→ PROMPT: Below are records with pictures in them; print them exactly, omitting the pictures.

→ EXERCISE DATA:

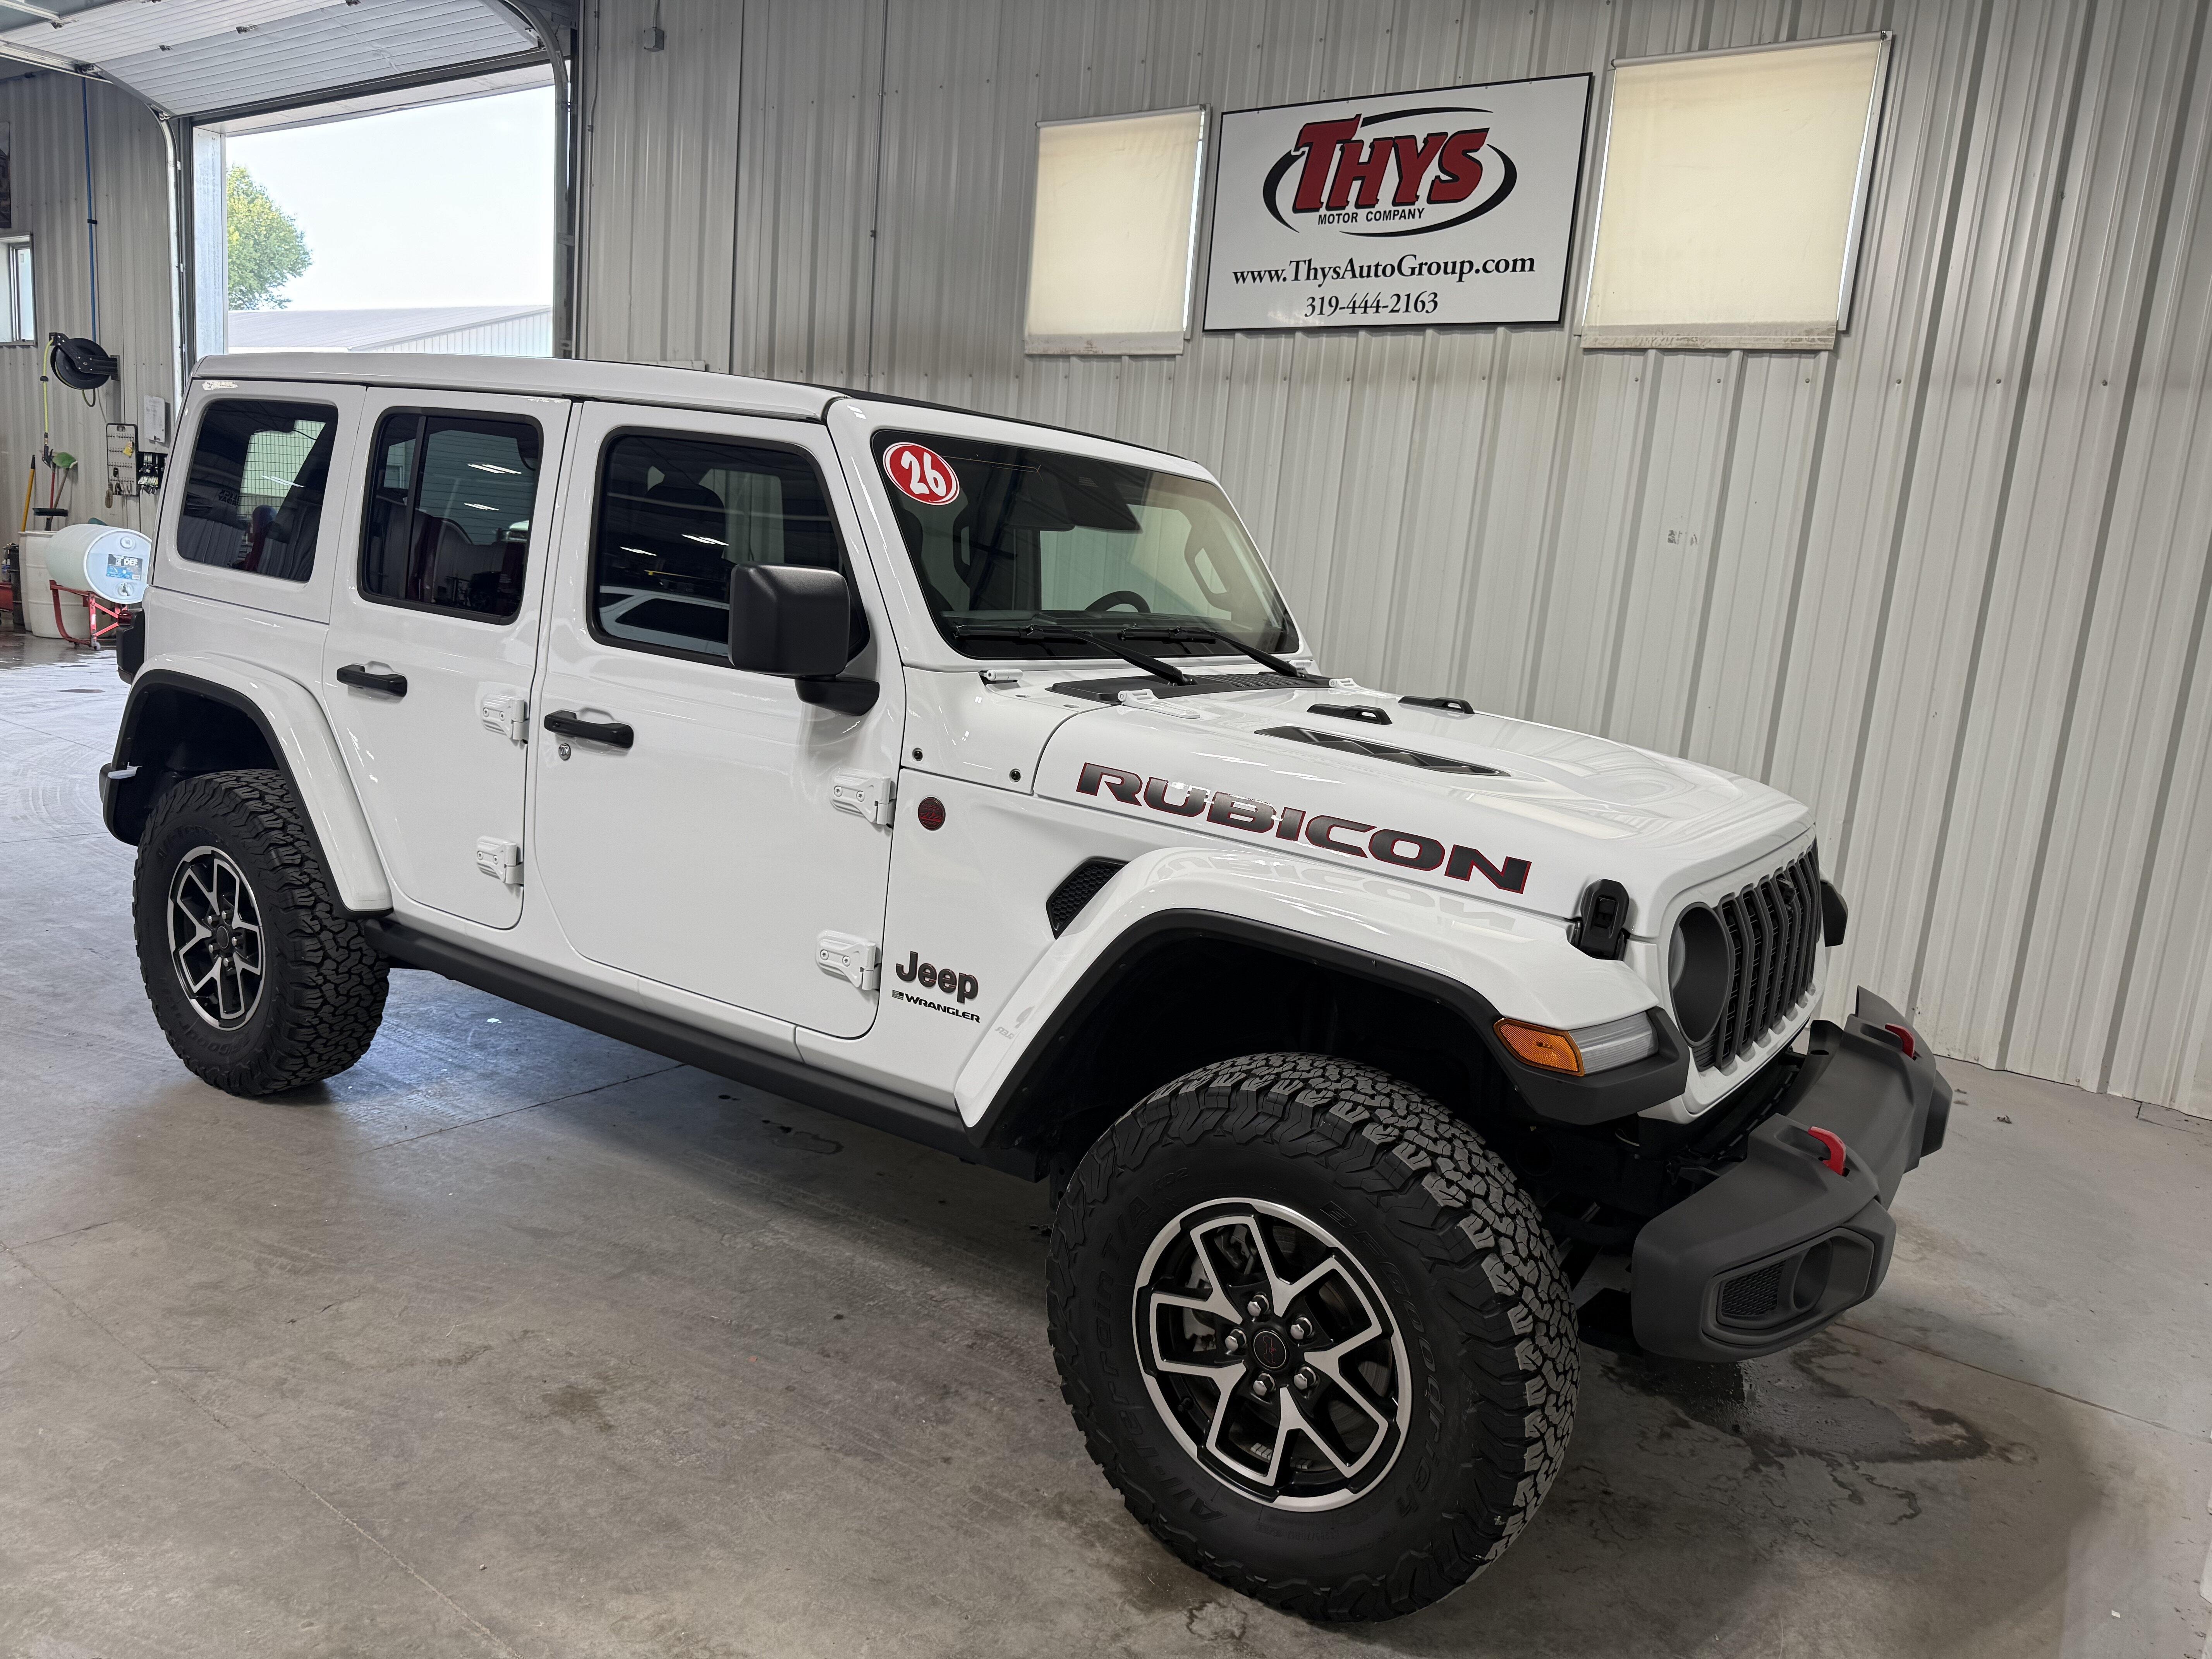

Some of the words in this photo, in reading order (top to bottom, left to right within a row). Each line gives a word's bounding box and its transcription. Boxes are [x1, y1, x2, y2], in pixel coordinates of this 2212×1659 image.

[1291, 114, 1490, 214] THYS
[1317, 211, 1358, 225] MOTOR
[1365, 207, 1425, 222] COMPANY
[1232, 254, 1535, 288] www.ThysAutoGroup.com
[1304, 291, 1439, 318] 319-444-2163
[901, 450, 947, 497] 26
[1076, 762, 1532, 894] RUBICON
[896, 951, 979, 1004] Jeep
[905, 994, 980, 1023] WRANGLER
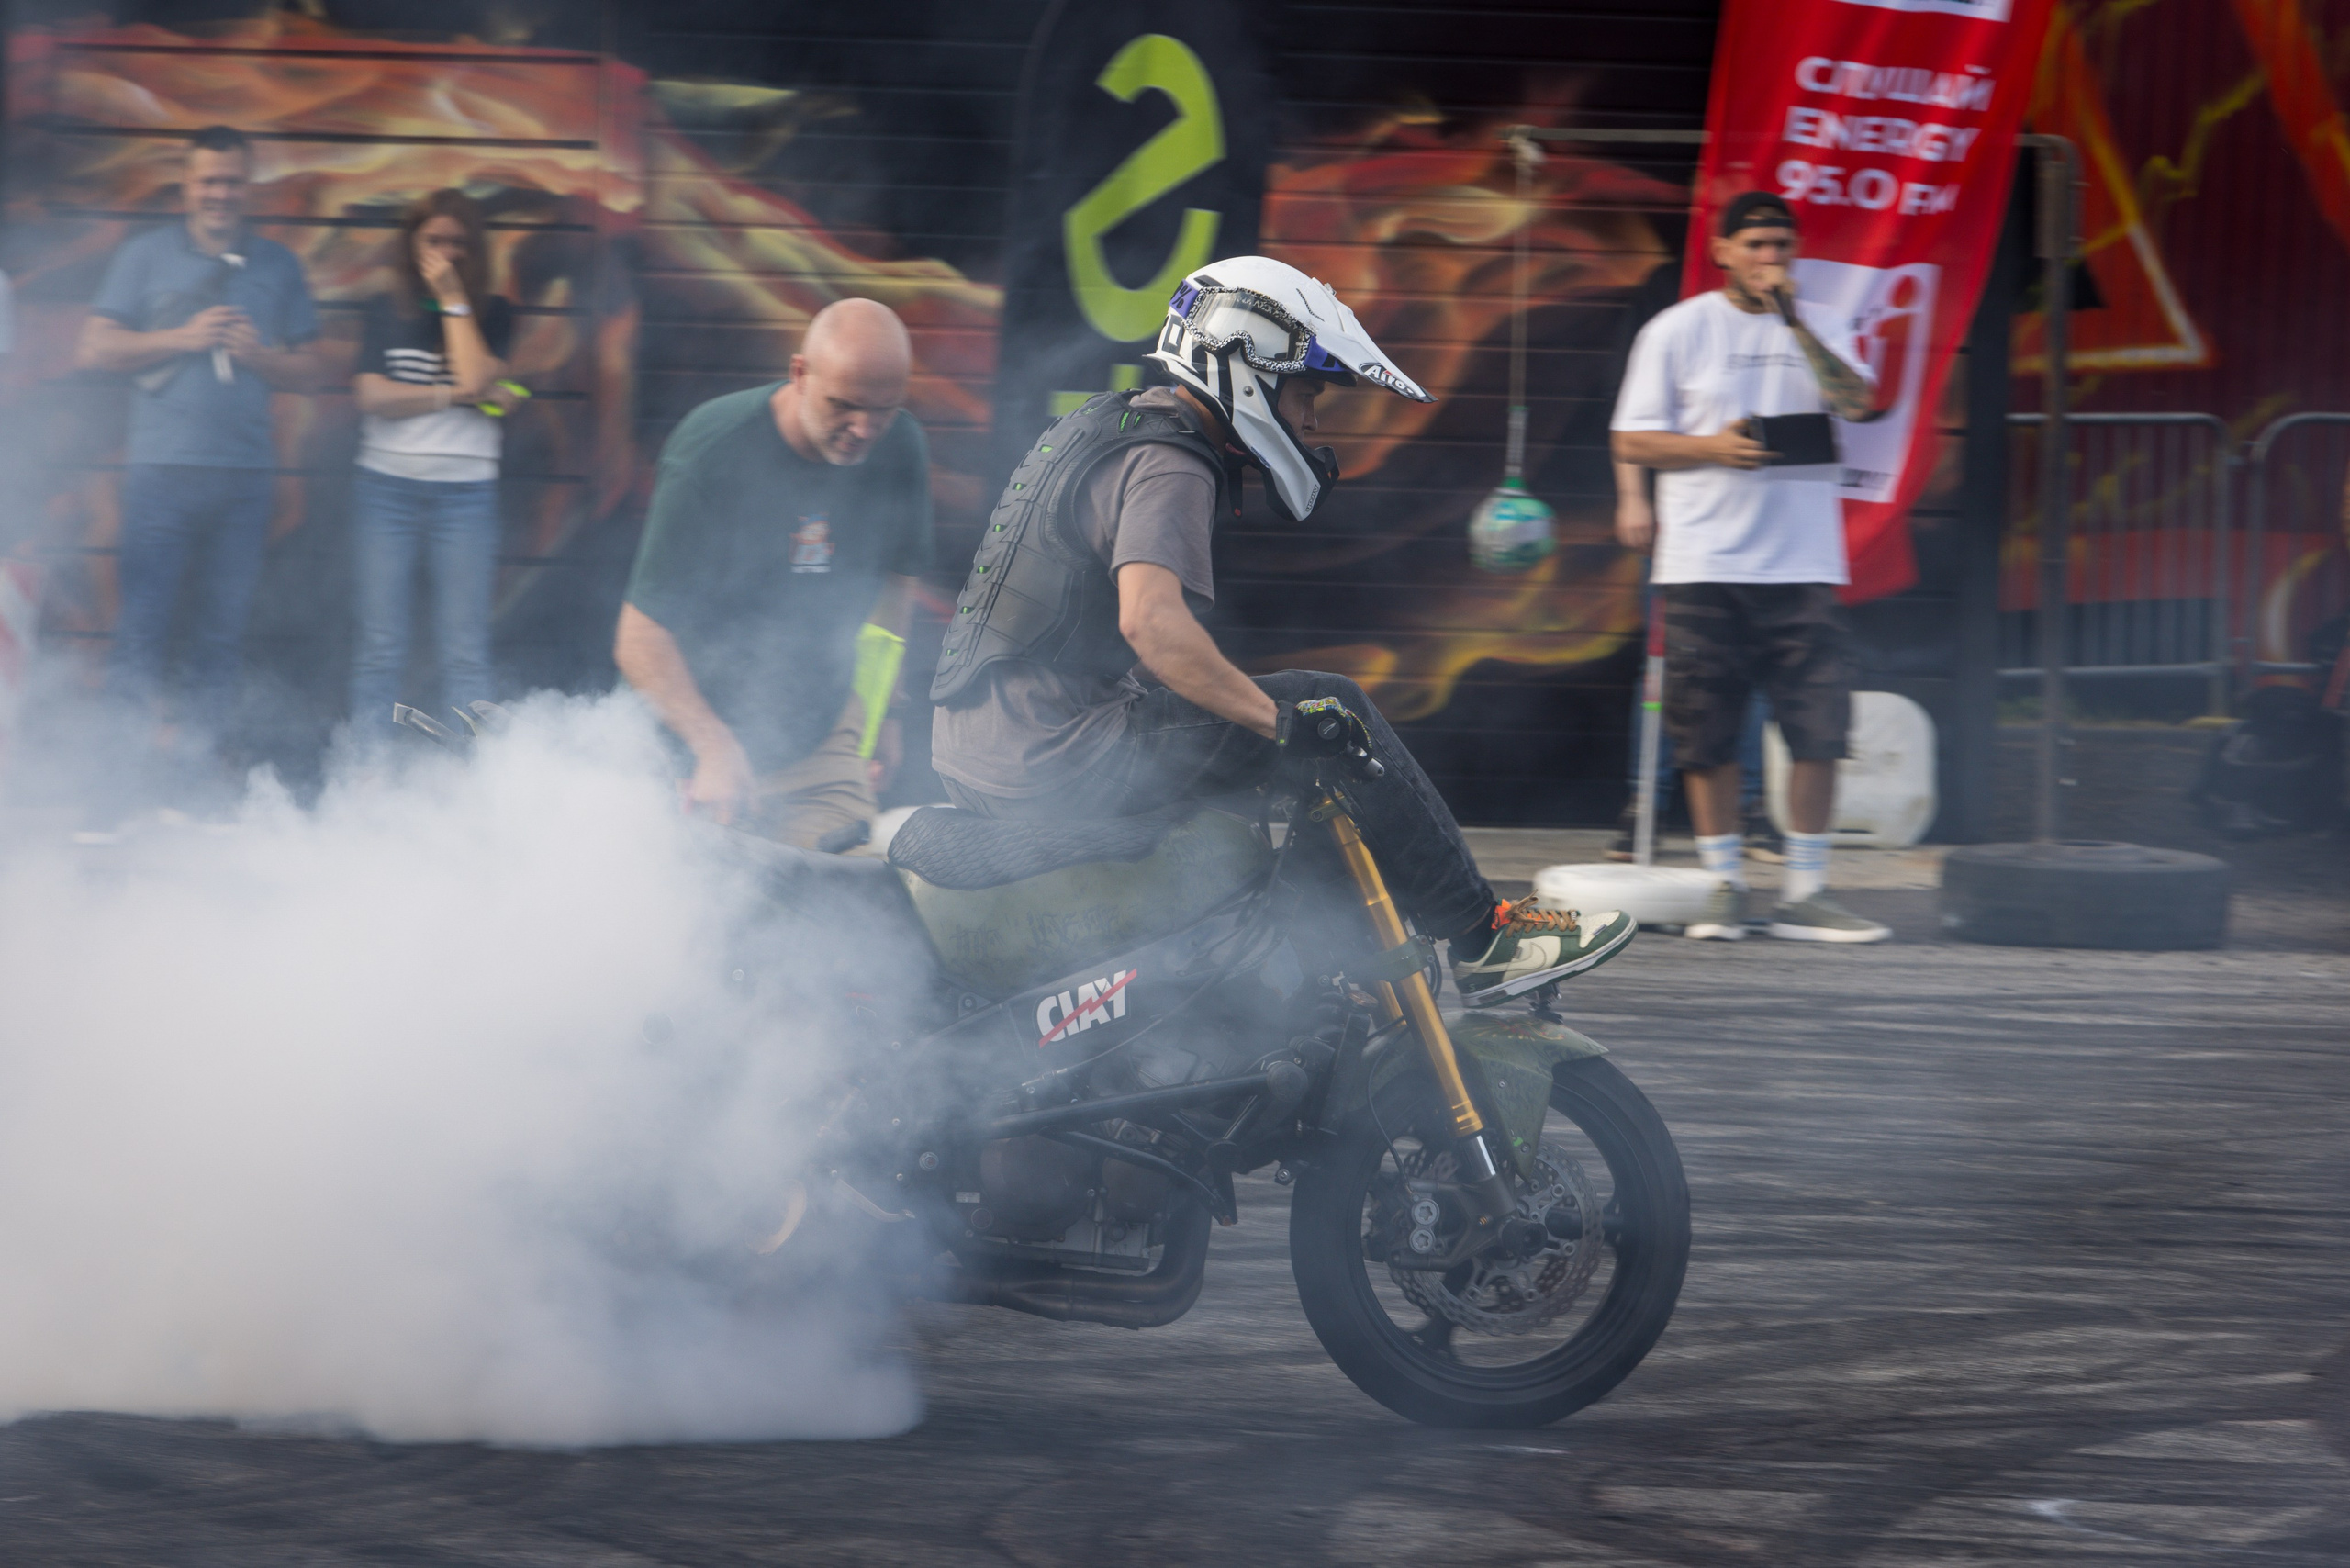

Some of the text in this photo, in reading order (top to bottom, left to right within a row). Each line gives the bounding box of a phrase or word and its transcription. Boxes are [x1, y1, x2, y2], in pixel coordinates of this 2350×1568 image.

[1794, 55, 1996, 111] СЛУШАЙ
[1783, 106, 1982, 162] ENERGY
[1776, 159, 1899, 210] 95.0

→ PROBLEM SOLUTION:
Some of the words in this photo, in reading order (top to bottom, left to right within a row). Each line gives a word's bounding box and its transcription. Boxes are [x1, y1, x2, y2], in pixel coordinates of this 2212×1659 image.

[1291, 114, 1490, 214] THYS
[1317, 211, 1358, 225] MOTOR
[1365, 207, 1425, 222] COMPANY
[1232, 254, 1535, 288] www.ThysAutoGroup.com
[1304, 291, 1439, 318] 319-444-2163
[901, 450, 947, 497] 26
[1076, 762, 1532, 894] RUBICON
[896, 951, 979, 1004] Jeep
[905, 994, 980, 1023] WRANGLER

Some of the text in this photo, in reading order (top to bottom, left to right within a row). Each line gives the bounding box of a phrase or word and its transcription. Boxes are [x1, y1, x2, y2], in pixel coordinates of this 2350×1568 image.

[1794, 55, 1996, 111] СЛУШАЙ
[1783, 106, 1982, 162] ENERGY
[1776, 159, 1899, 210] 95.0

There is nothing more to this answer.